What you are asked to do: An unchanged copy of every record below, without pictures, is the goal.

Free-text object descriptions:
----

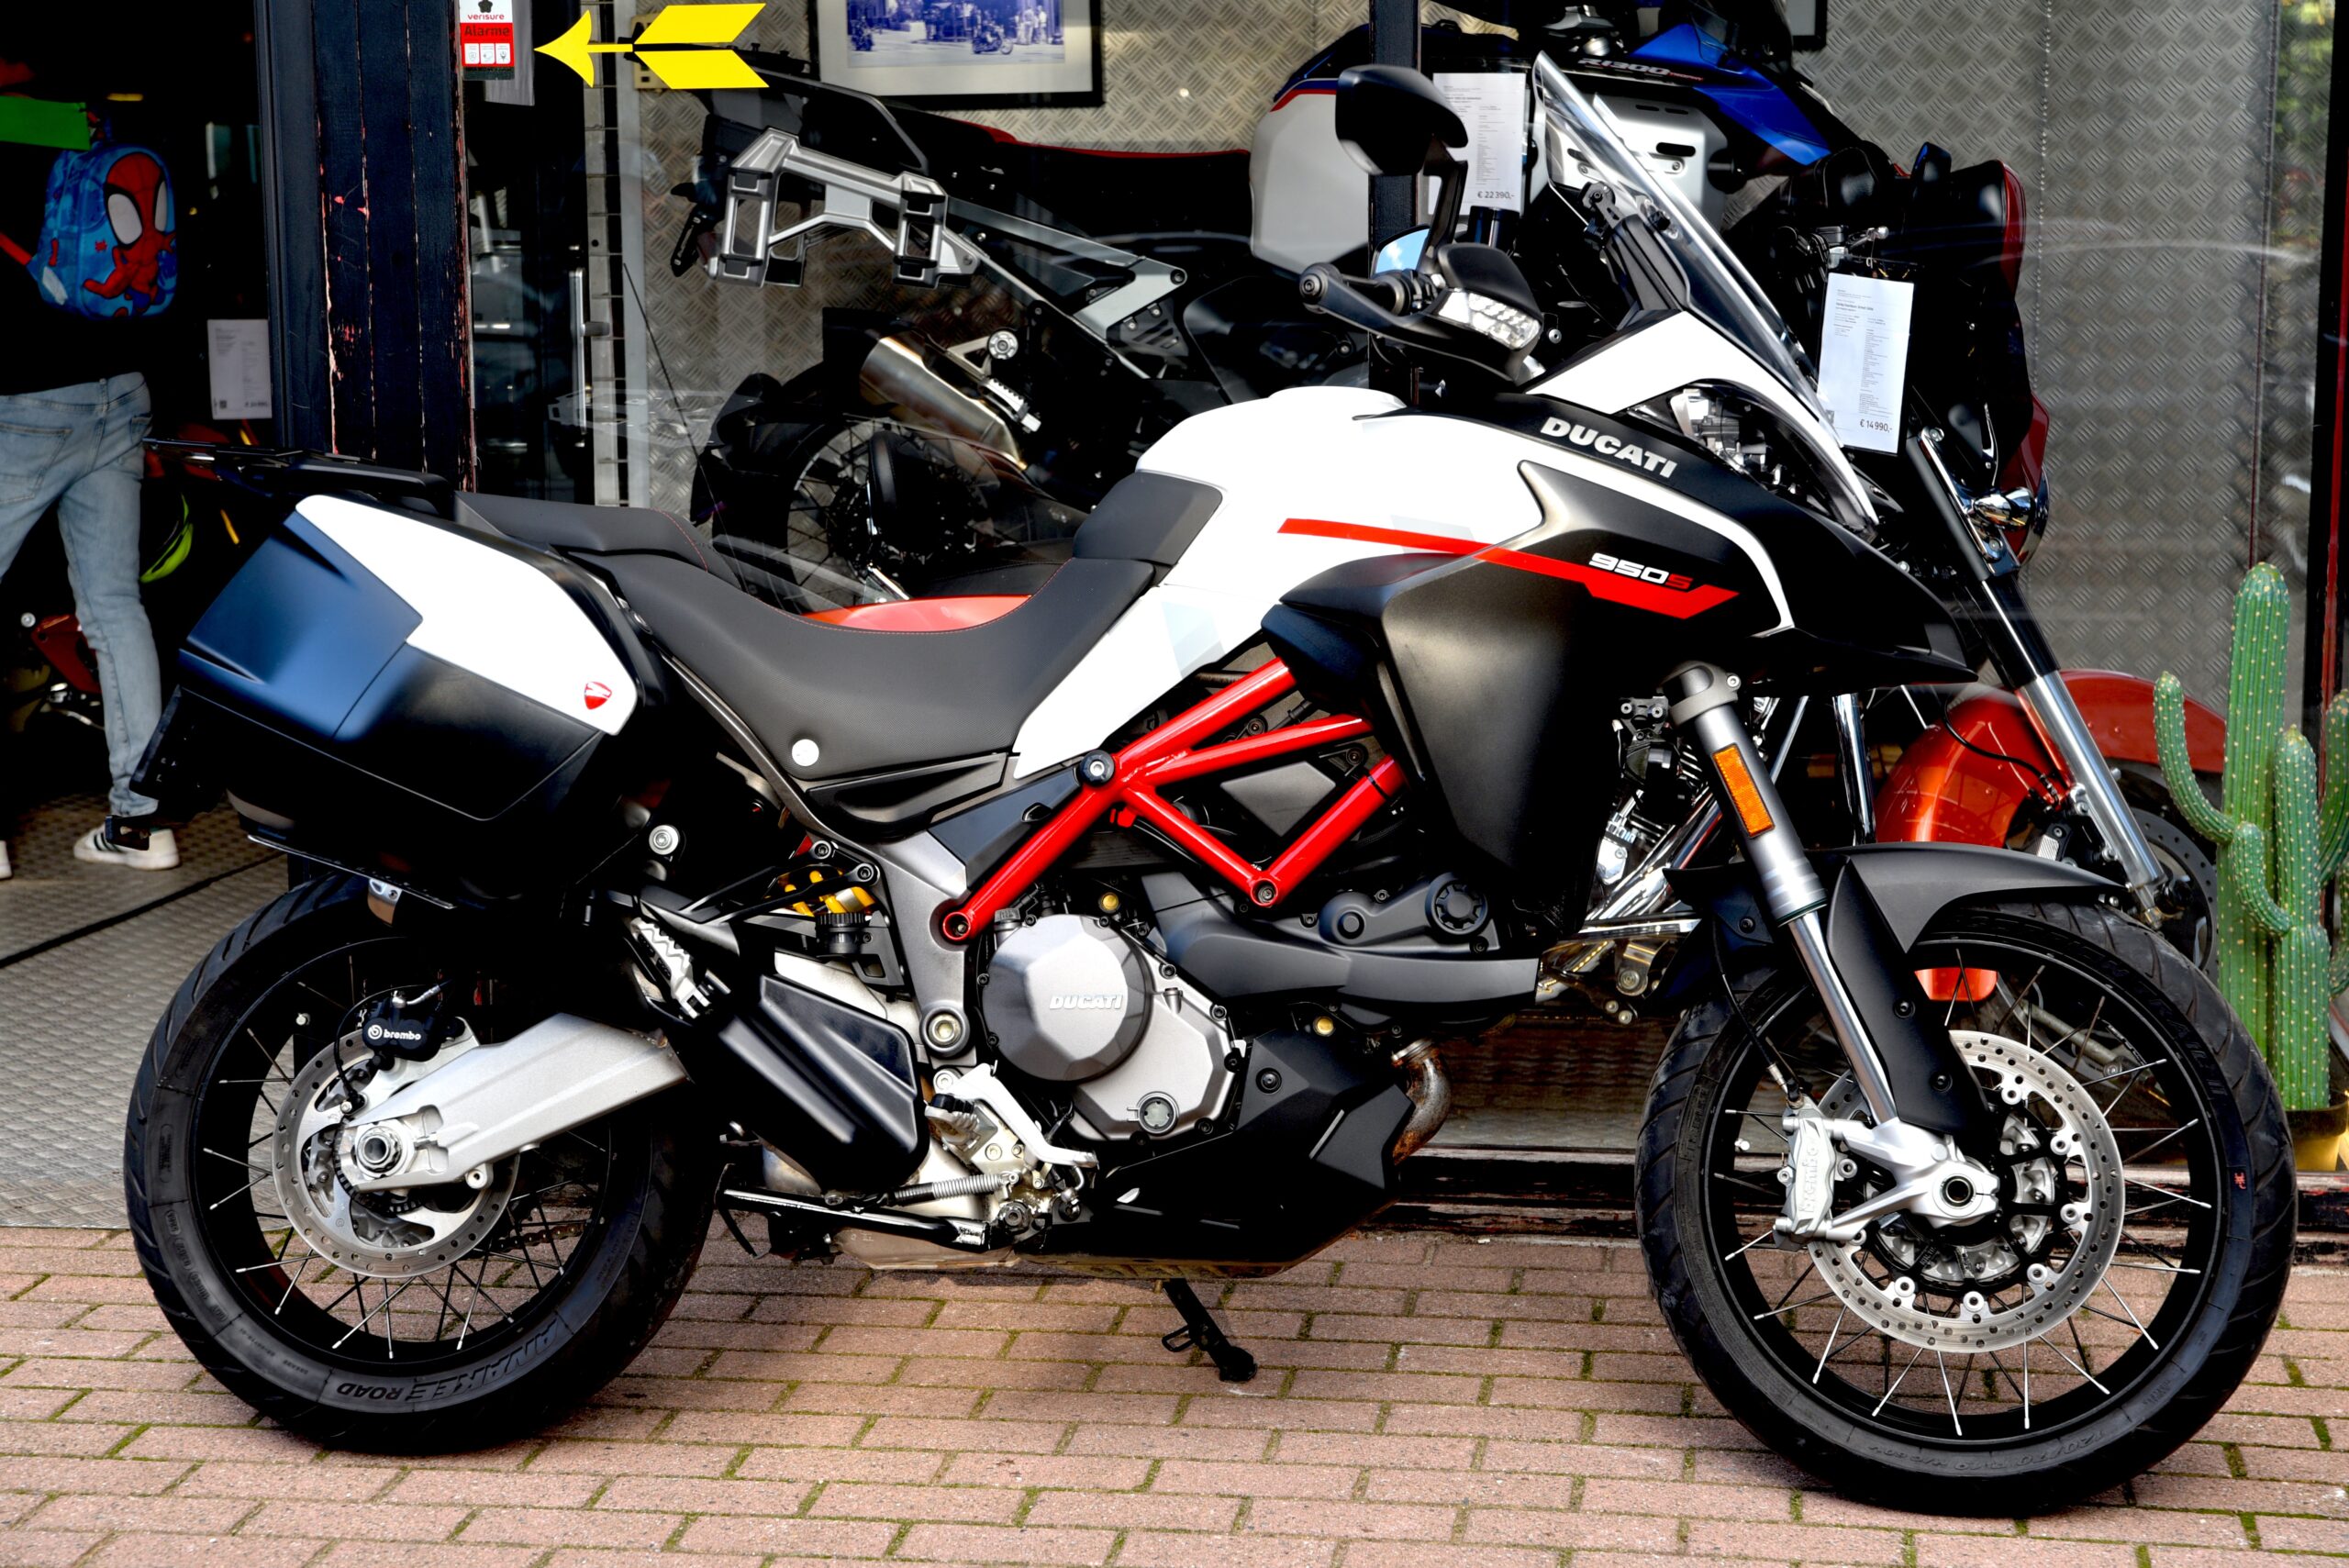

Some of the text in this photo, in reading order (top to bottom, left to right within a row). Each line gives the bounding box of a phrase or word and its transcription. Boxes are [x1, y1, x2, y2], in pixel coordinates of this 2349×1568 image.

[464, 25, 510, 37] Alarme
[1540, 417, 1678, 479] DUCATI
[1588, 552, 1694, 590] 950S
[1049, 995, 1123, 1010] DUCATI
[384, 1029, 422, 1040] brembo
[1798, 1138, 1819, 1213] brembo
[337, 1318, 558, 1402] ANAKEE ROAD

----

Task solution:
Some of the text in this photo, in reading order (top to bottom, left to right within a row). Each line gives the bounding box of a phrase or word and its transcription. Boxes are [x1, y1, x2, y2], in pixel coordinates of this 2349×1568 image.

[464, 25, 510, 37] Alarme
[1540, 417, 1678, 479] DUCATI
[1588, 552, 1694, 590] 950S
[1049, 995, 1123, 1010] DUCATI
[384, 1029, 422, 1040] brembo
[1798, 1138, 1819, 1213] brembo
[337, 1318, 558, 1402] ANAKEE ROAD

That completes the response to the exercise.